### PROBLEM DESCRIPTION
Your copy should match the entries below exactly, apart from the images.

[Records contained in a dataset]
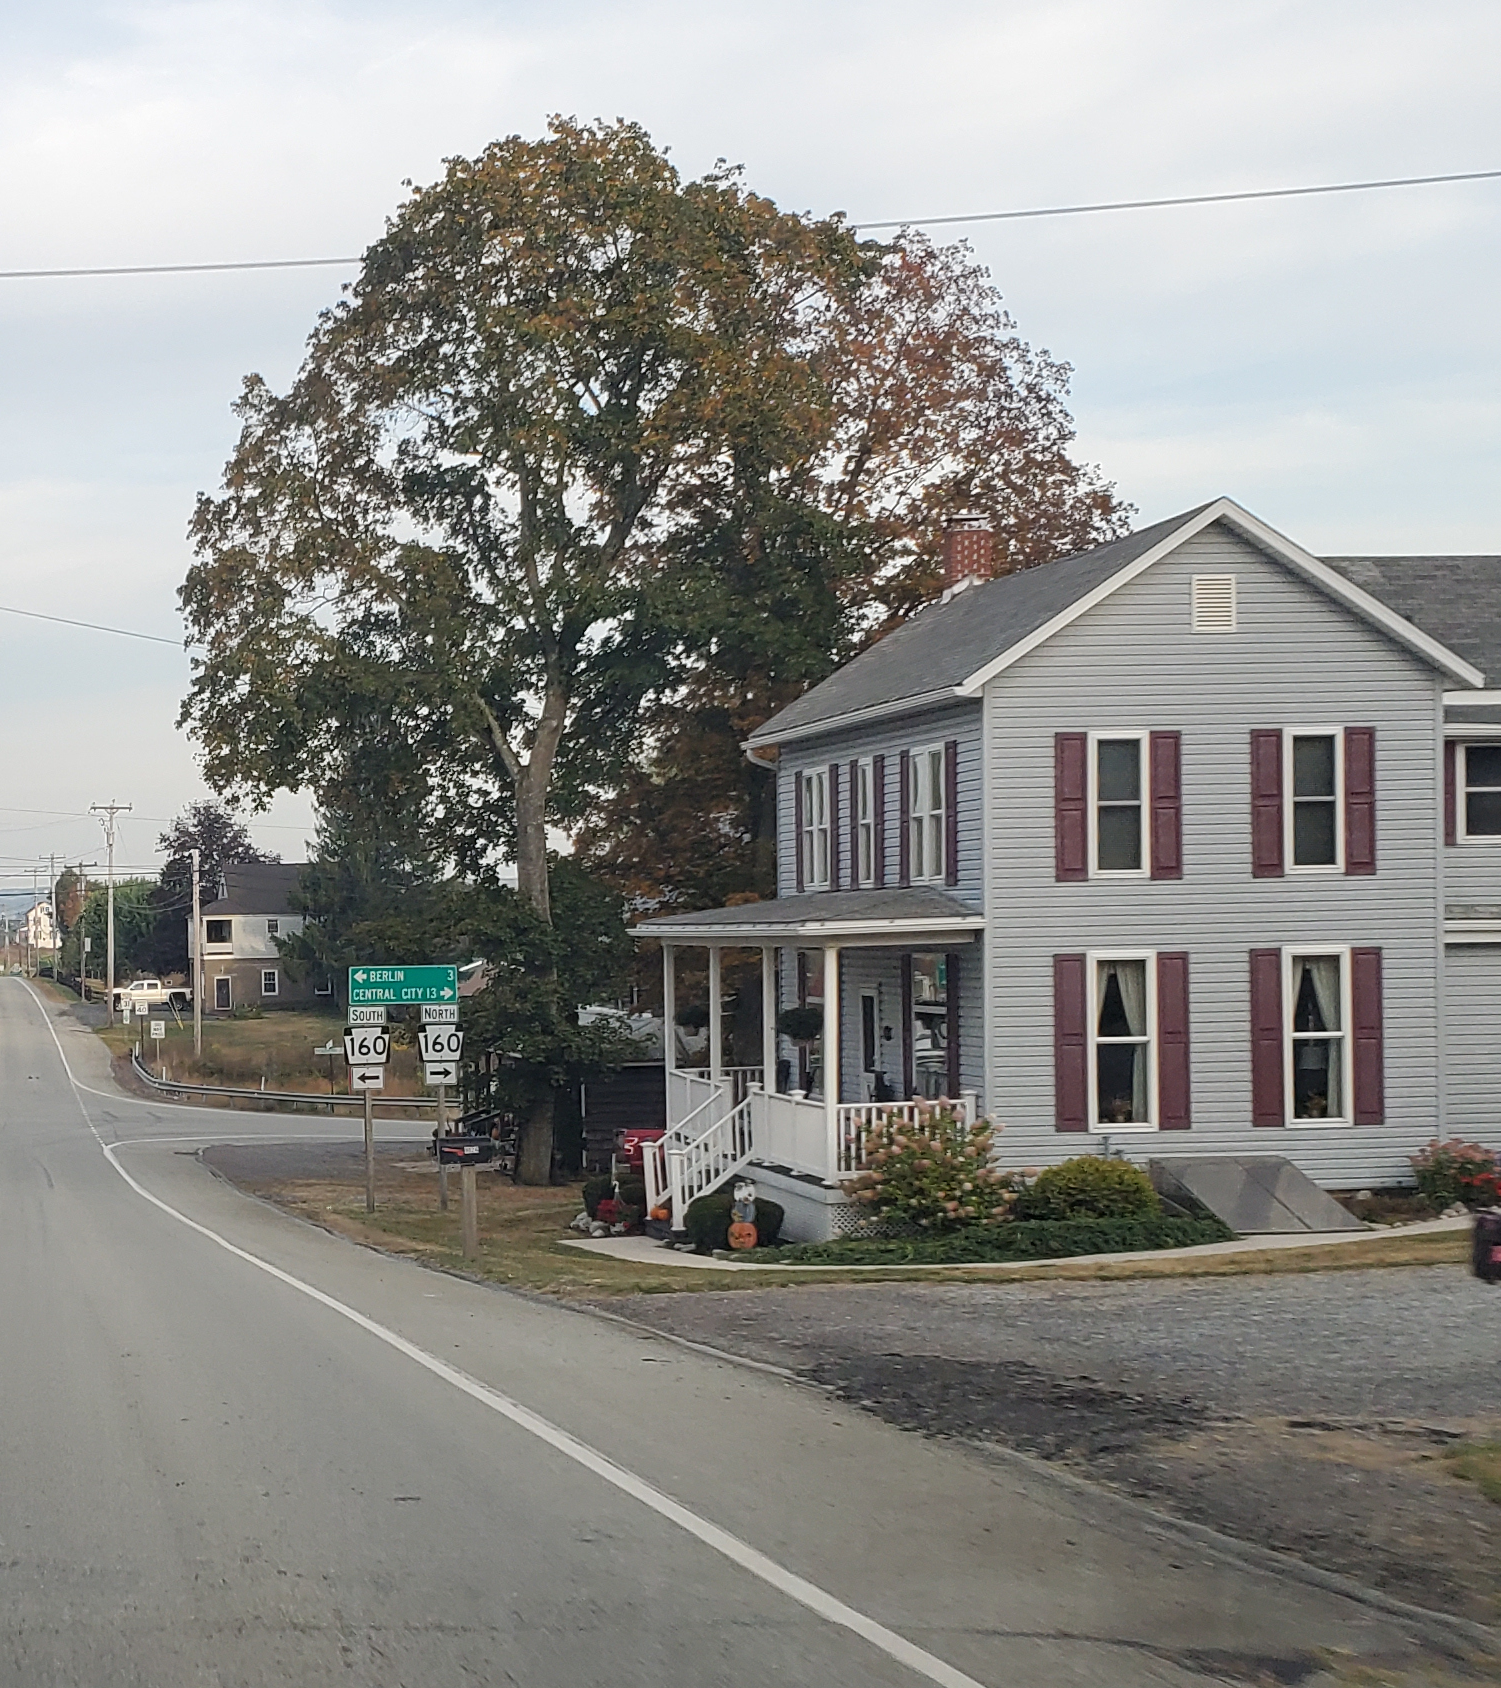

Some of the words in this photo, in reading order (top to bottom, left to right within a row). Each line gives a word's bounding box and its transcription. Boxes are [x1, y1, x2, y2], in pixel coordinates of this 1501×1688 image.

[369, 970, 404, 982] BERLIN
[446, 969, 454, 981] 3
[353, 988, 397, 1001] CENTRAL
[401, 987, 424, 1000] CITY
[426, 987, 437, 1000] 13
[349, 1035, 387, 1057] 160
[423, 1033, 461, 1054] 160

### ANSWER TO THIS EXERCISE
Some of the words in this photo, in reading order (top to bottom, left to right within a row). Each line gives a word's bounding box and its transcription. Boxes are [x1, y1, x2, y2], in pixel coordinates of this 1501×1688 image.

[369, 970, 404, 982] BERLIN
[446, 969, 454, 981] 3
[353, 988, 397, 1001] CENTRAL
[401, 987, 424, 1000] CITY
[426, 987, 437, 1000] 13
[349, 1035, 387, 1057] 160
[423, 1033, 461, 1054] 160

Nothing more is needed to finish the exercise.